▸ **Source information**:
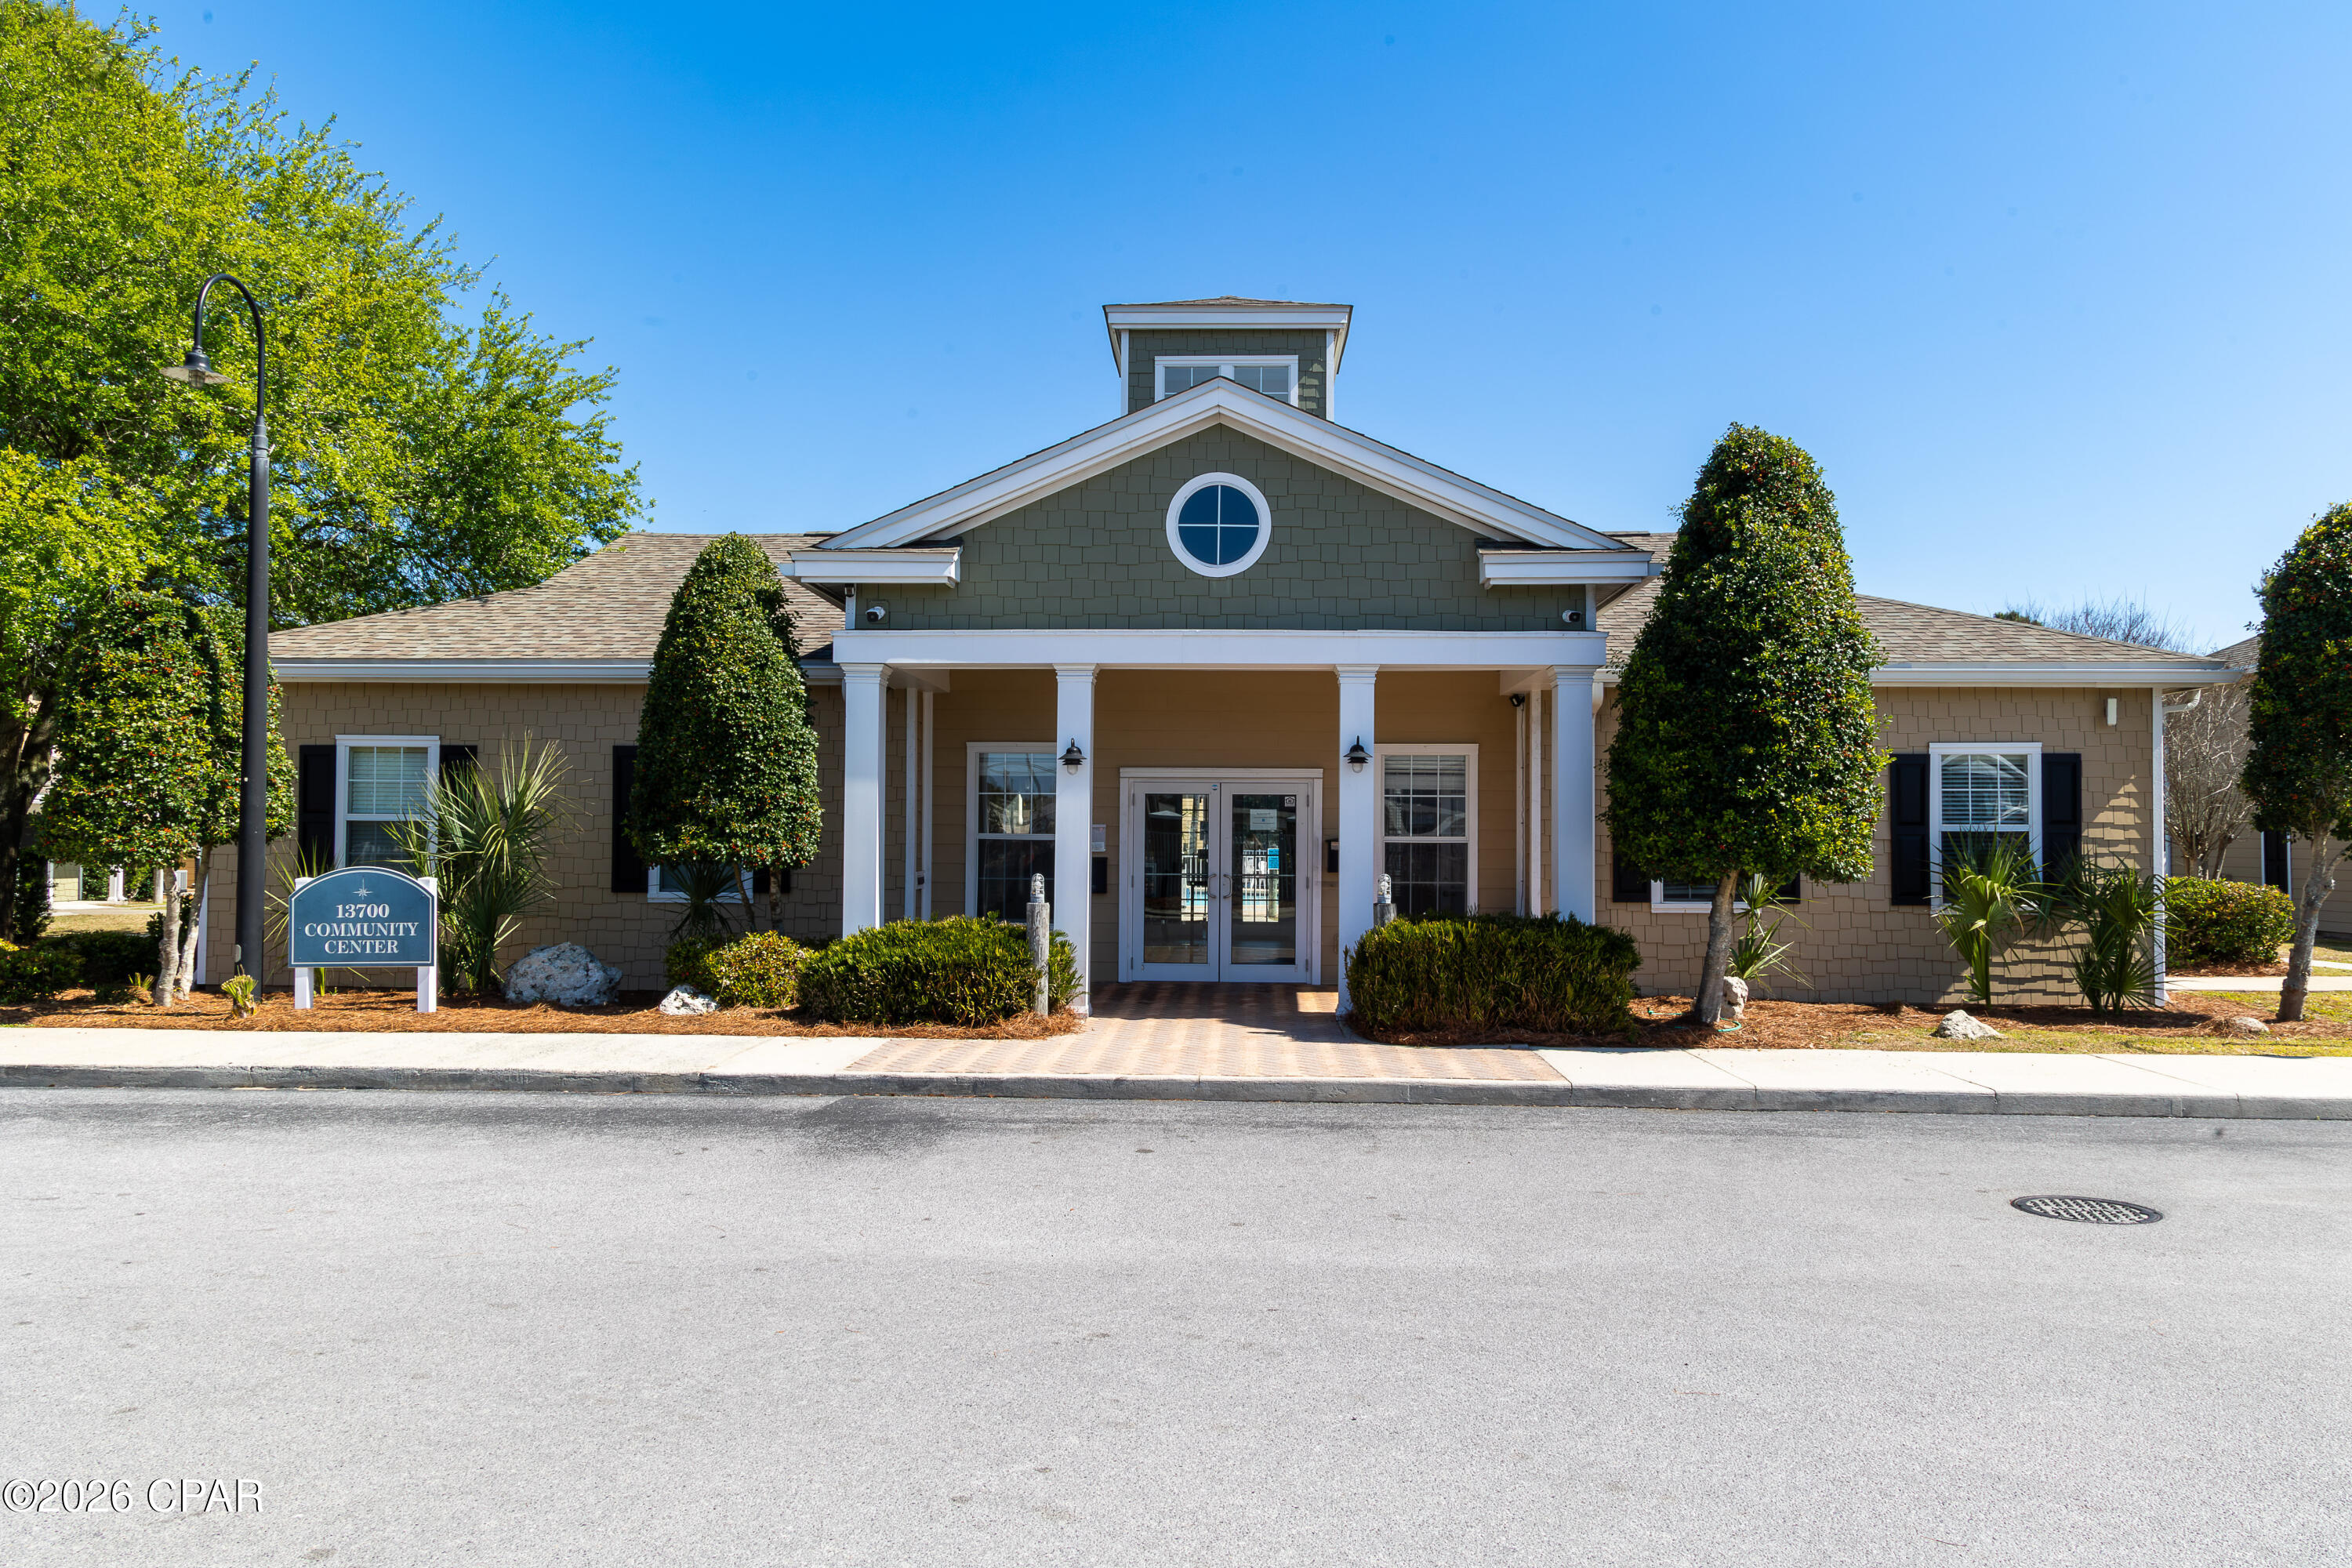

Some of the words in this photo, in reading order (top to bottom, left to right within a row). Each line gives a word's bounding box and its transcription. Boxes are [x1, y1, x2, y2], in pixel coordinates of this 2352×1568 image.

[336, 903, 390, 918] 13700
[304, 922, 419, 937] COMMUNITY
[325, 940, 399, 954] CENTER
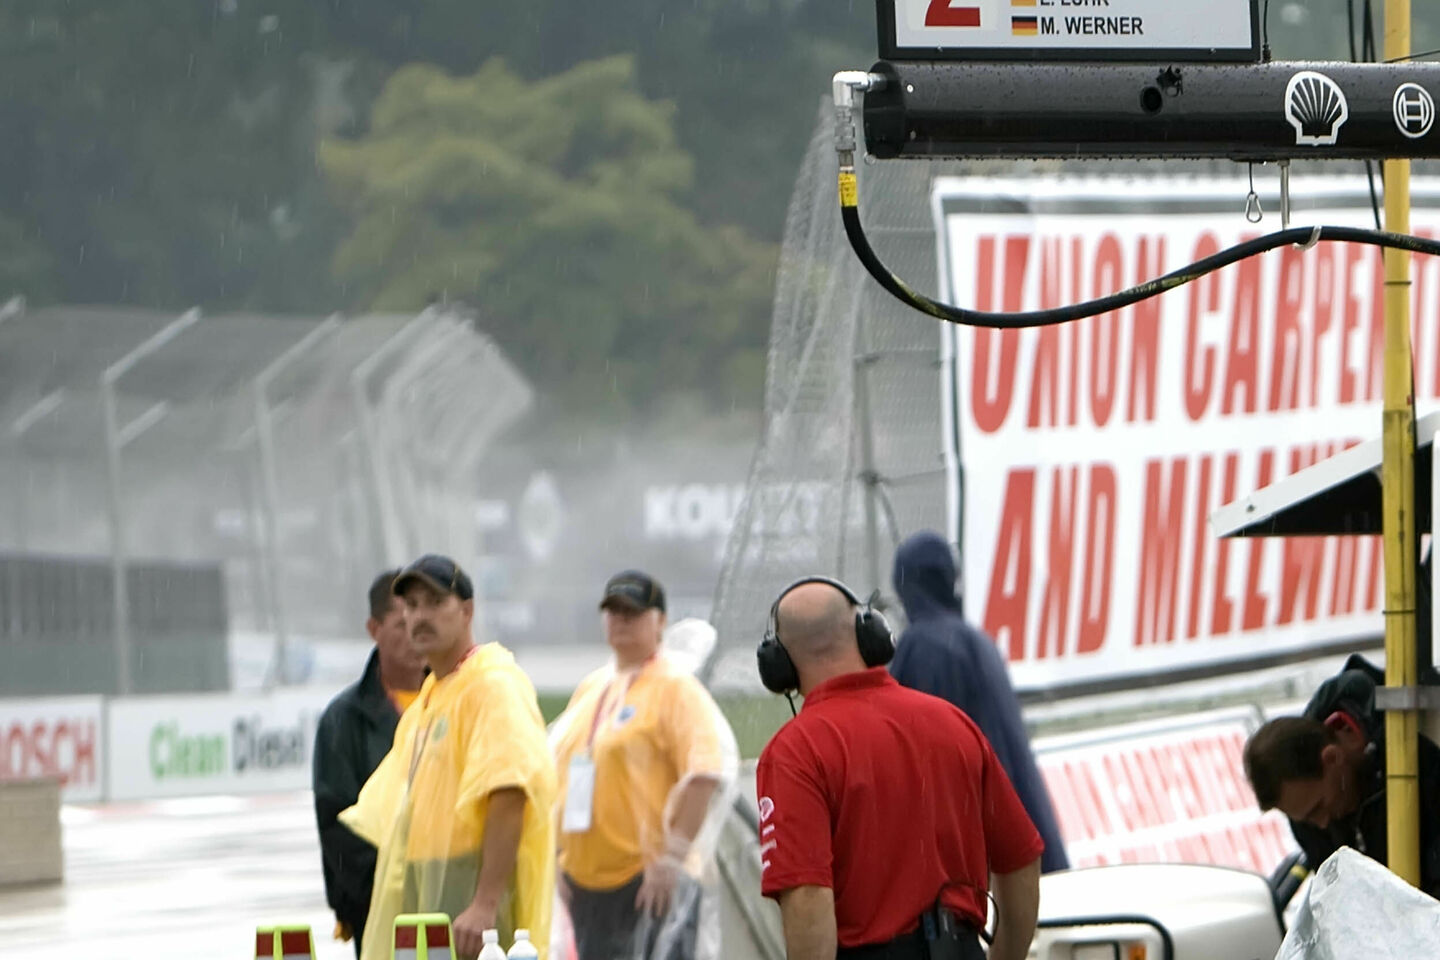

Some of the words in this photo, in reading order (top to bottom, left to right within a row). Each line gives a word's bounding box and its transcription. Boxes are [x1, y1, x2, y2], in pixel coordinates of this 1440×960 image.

[1041, 17, 1060, 35] M.
[1065, 17, 1144, 35] WERNER
[970, 232, 1167, 433] UNION
[981, 460, 1119, 662] AND
[0, 718, 96, 789] OSCH
[150, 719, 228, 778] Clean

▸ **Instructions to follow**: Return the full listing exactly as it appears above, without its pictures.

▸ **Result of the task**:
Some of the words in this photo, in reading order (top to bottom, left to right within a row). Each line gives a word's bounding box and its transcription. Boxes are [x1, y1, x2, y2], in pixel coordinates of this 2352×1568 image.

[336, 903, 390, 918] 13700
[304, 922, 419, 937] COMMUNITY
[325, 940, 399, 954] CENTER

Some of the words in this photo, in reading order (top to bottom, left to right within a row). Each line gives a word's bounding box and its transcription. Boxes are [x1, y1, x2, y2], in pixel coordinates of this 1440×960 image.

[1041, 17, 1060, 35] M.
[1065, 17, 1144, 35] WERNER
[970, 232, 1167, 433] UNION
[981, 460, 1119, 662] AND
[0, 718, 96, 789] OSCH
[150, 719, 228, 778] Clean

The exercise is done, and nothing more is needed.